Sepanjang jalan pikiranku terasa penuh. Segala hal bercampur aduk, termasuk bagaimana cara menceritakan yang sebenarnya pada Xaviere—dan juga pada Lotia, sebab gadis itu terus saja mengikutiku. Aku yakin sekali Erik tidak membawa pasukan, tetapi masih ada kemungkinan dia bisa merekrut beberapa orang untuk menjaganya dari bahaya. Erik pandai menghipnotis orang lain dan dia sangat cerdas dalam urusan mengelabui orang lain.
Xaviere tidak berbicara sepatah kata pun, dan aku tidak berniat memecah hening yang merebak. Schuraze masih hening setelah kekacauan di dalam gedung dewan. Sesekali aku menoleh kembali asal kedatangan kami untuk memastikan tidak ada orang yang membuntuti. Hingga kemudian rumah Xaviere samar-samar tampak di ujung jalan. Aku menelan ludah. Kepanikan melanda, tetapi satu kebohongan lagi hanya akan menghancurkanku.

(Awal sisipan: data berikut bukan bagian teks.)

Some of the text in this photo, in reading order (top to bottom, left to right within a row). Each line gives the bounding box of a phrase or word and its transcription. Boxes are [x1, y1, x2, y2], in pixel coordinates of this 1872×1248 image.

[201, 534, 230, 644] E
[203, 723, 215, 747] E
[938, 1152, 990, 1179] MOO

Di muka pintu, Odeya menyambut dengan wajah pucat, keadaannya jauh lebih baik dari sejak pertama kali aku melihatnya. Pakaiannya sudah beganti sehingga jejak darah di tubuhnya sudah menghilang. Kemudian aku teringat cerita Lotia tentangnya. Tahu gadis itu berlari, menghampiri Odeya dan mendorongnya masuk ke dalam rumah. Aku dan Xaviere menyusul di belakangnya.
“Kau tahu tidak seharusnya berdiri di depan pintu seperti tadi. Kau sedang terancam bahaya!” omel Lotia pada Odeya. Sekejap kemudian keduanya masuk ke dalam kamar, meninggalkan Xaviere bersamaku.

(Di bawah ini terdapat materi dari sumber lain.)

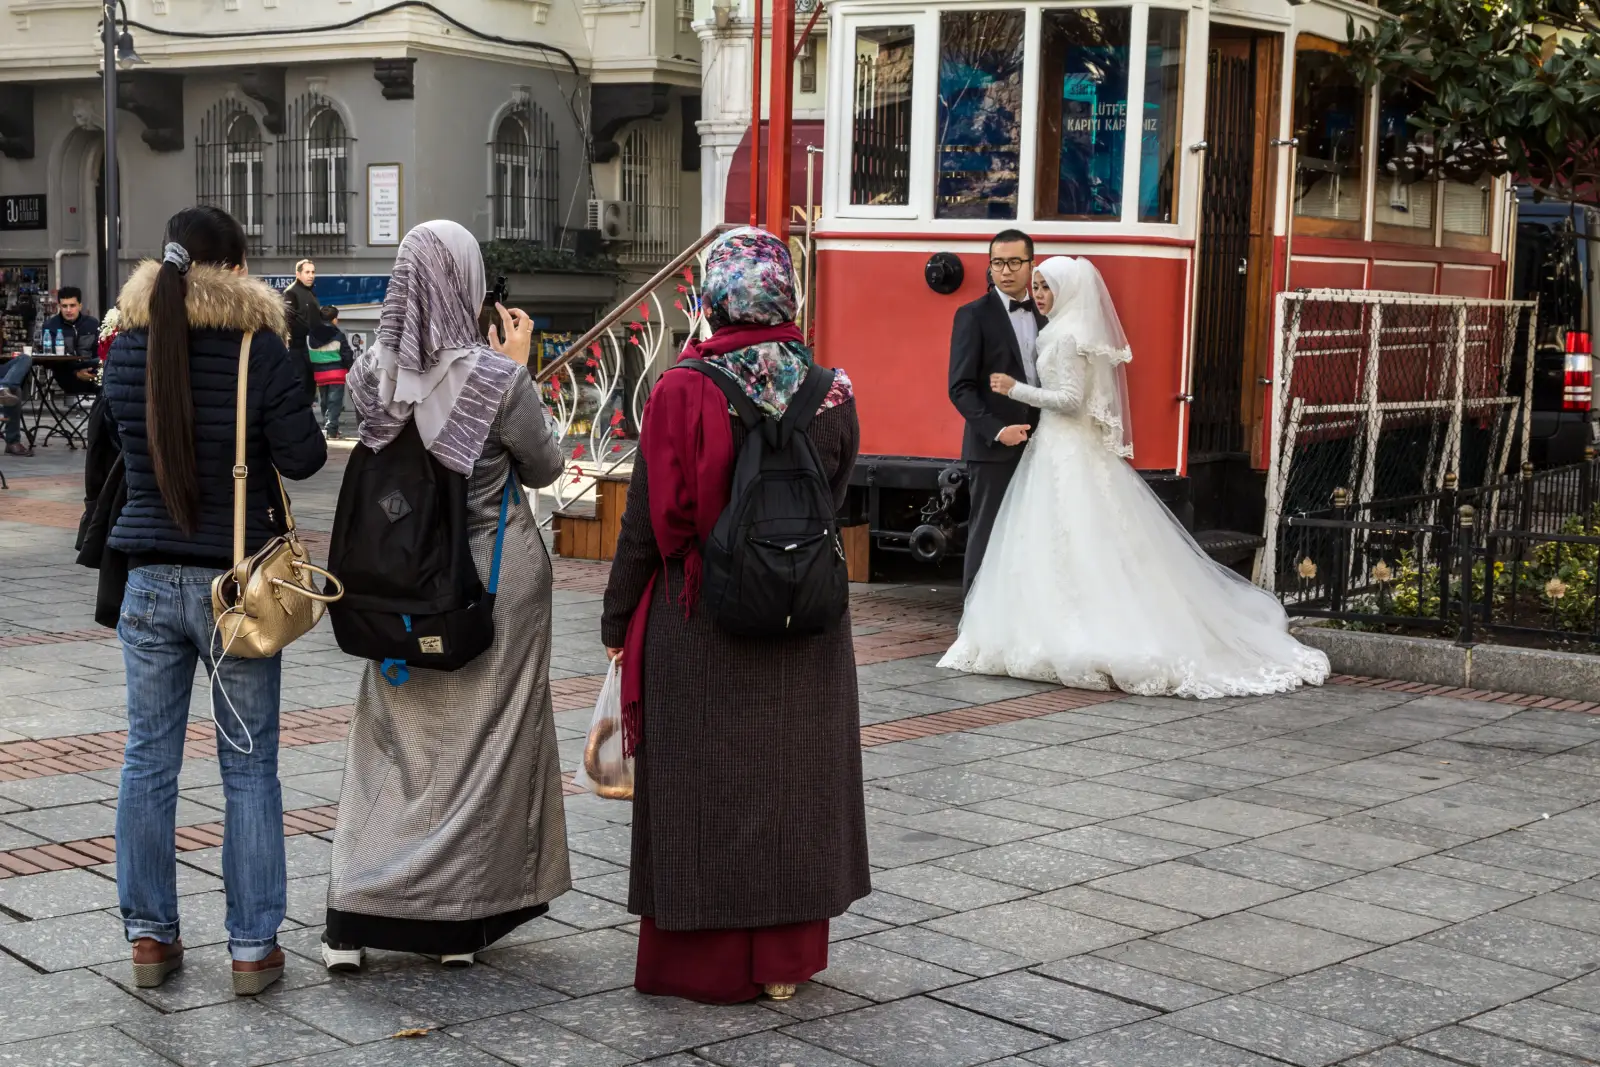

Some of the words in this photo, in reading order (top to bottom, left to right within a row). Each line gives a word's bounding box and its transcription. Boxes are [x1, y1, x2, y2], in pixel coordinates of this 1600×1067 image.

[1091, 102, 1126, 116] LÜTFE
[1067, 118, 1101, 131] KAPIYI
[1105, 118, 1157, 131] KAPNIZ

Barulah saat itu tatapan Xaviere mengarah padaku. “Sudah bertemu ibuku?”
Aku menggeleng.
“Ingat pesanku tentang jangan berurusan dengan Lotia?”
“Xaviere ....”
“Kau memang tidak pernah mau mendengarkan orang lain. Semuanya selalu saja tentangmu! Aku sudah bilang jangan berurusan dengan Lotia, dia hampir membunuhmu di dalam gedung itu! Aku sudah bilang tinggallah di sini, kita urus besok pagi, kau tetap bersikeras dengan maumu.” Sepanjang mengenalnya, baru kali ini aku melihatnya marah. Tetapi dia sudah salah paham tentang Lotia.

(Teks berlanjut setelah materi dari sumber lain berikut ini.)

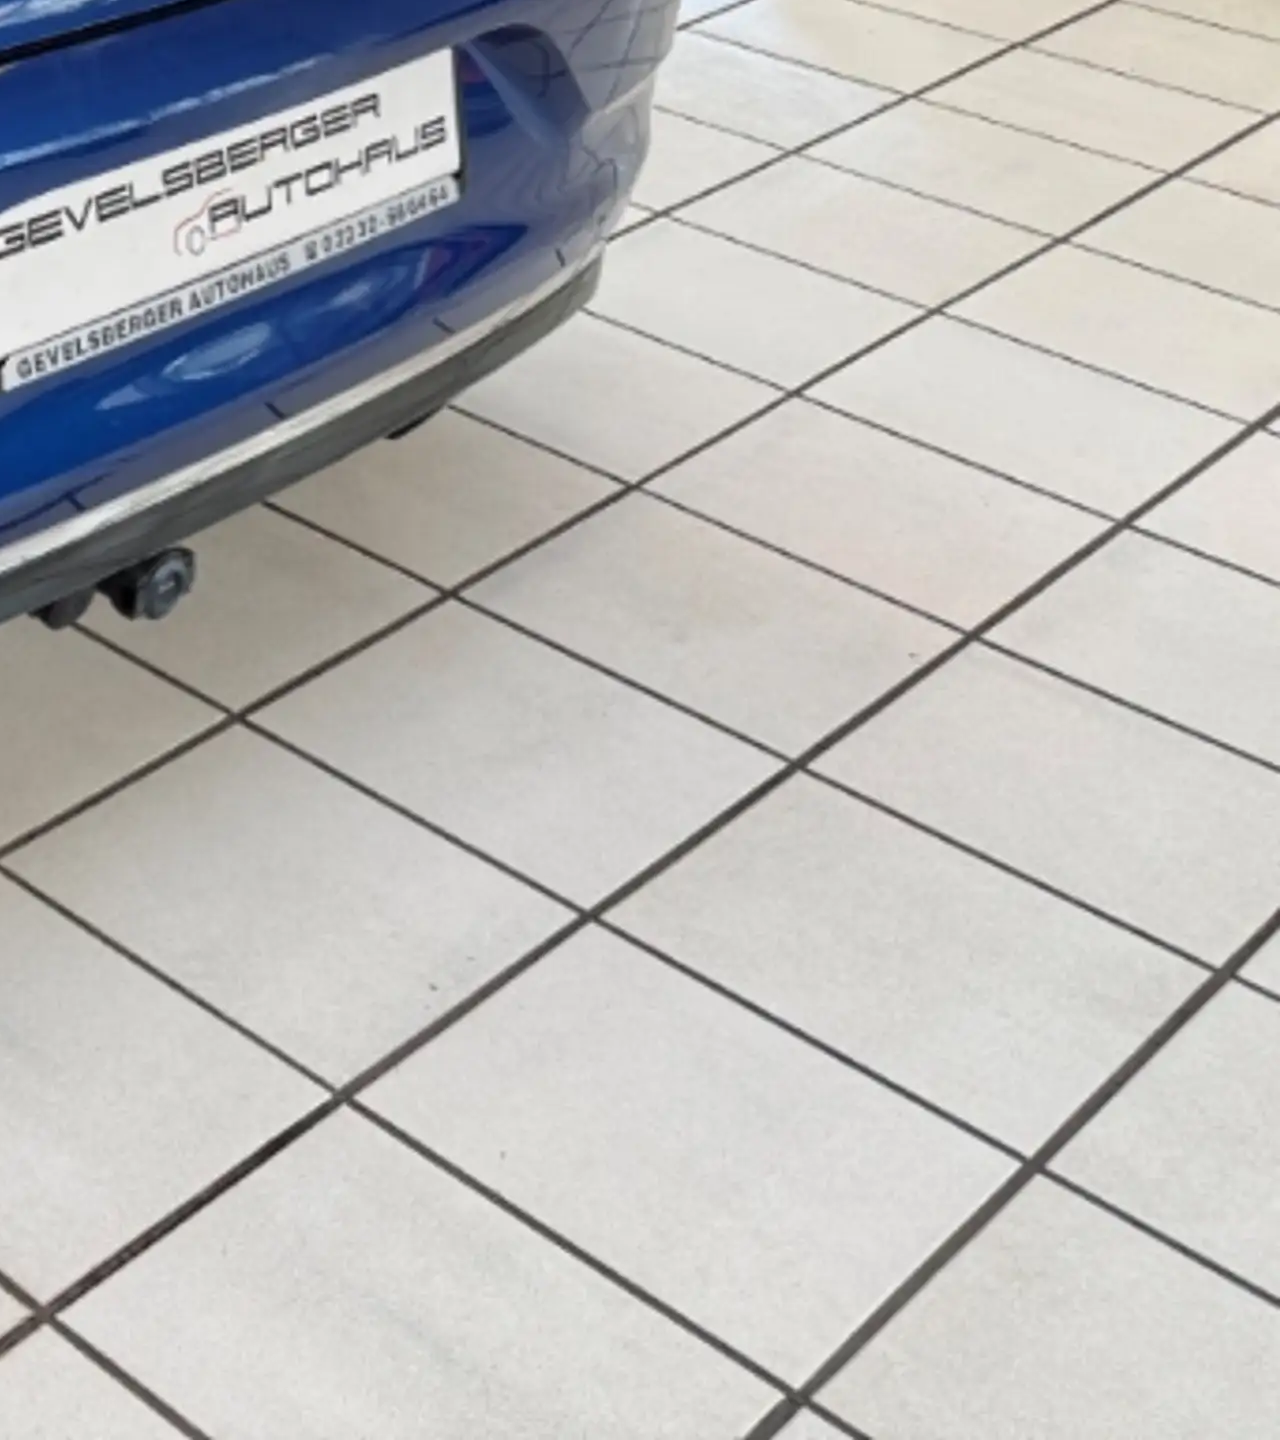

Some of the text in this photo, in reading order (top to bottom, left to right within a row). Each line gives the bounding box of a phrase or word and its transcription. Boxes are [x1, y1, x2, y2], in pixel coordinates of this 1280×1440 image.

[208, 116, 447, 236] AUTOHAUS
[15, 297, 184, 380] GEVELSBERGER
[189, 251, 291, 311] AUTOHAUS

“Lotia justru yang menyelamatkanku dari Erik. Soal ke gedung dewan, iya, memang salahku. Maaf, Xaviere. Aku merasa semua ini terjadi karena salahku.”
Dia mengusap puncak kepalaku secara mengejutkan, menggiringku agar mengambil tempat duduk. “Kau harus tahu betapa mengganggunya harus mencemaskanmu sepanjang malam. Aku harus menunggu Odeya tidur supaya bisa menyusulmu. Tapi sepertinya Odeya tadi pura-pura tidur.”
Ada banyak hal yang harus kubicarakan dengan Xaviere, tetapi entah harus memulainya dari mana. Beberapa detik kami hanya saling menunggu, barangkali sebelum beralih pada topik menyebalkan seperti Erik, atau ke topik sedih tentang kematian kedua orang tuanya, aku harus meluruskan kesalahpahaman Xaviere tentang Lotia.
“Kau tadi bilang Erik? Siapa dia?” Xaviere sudah lebih dulu menemukan suaranya.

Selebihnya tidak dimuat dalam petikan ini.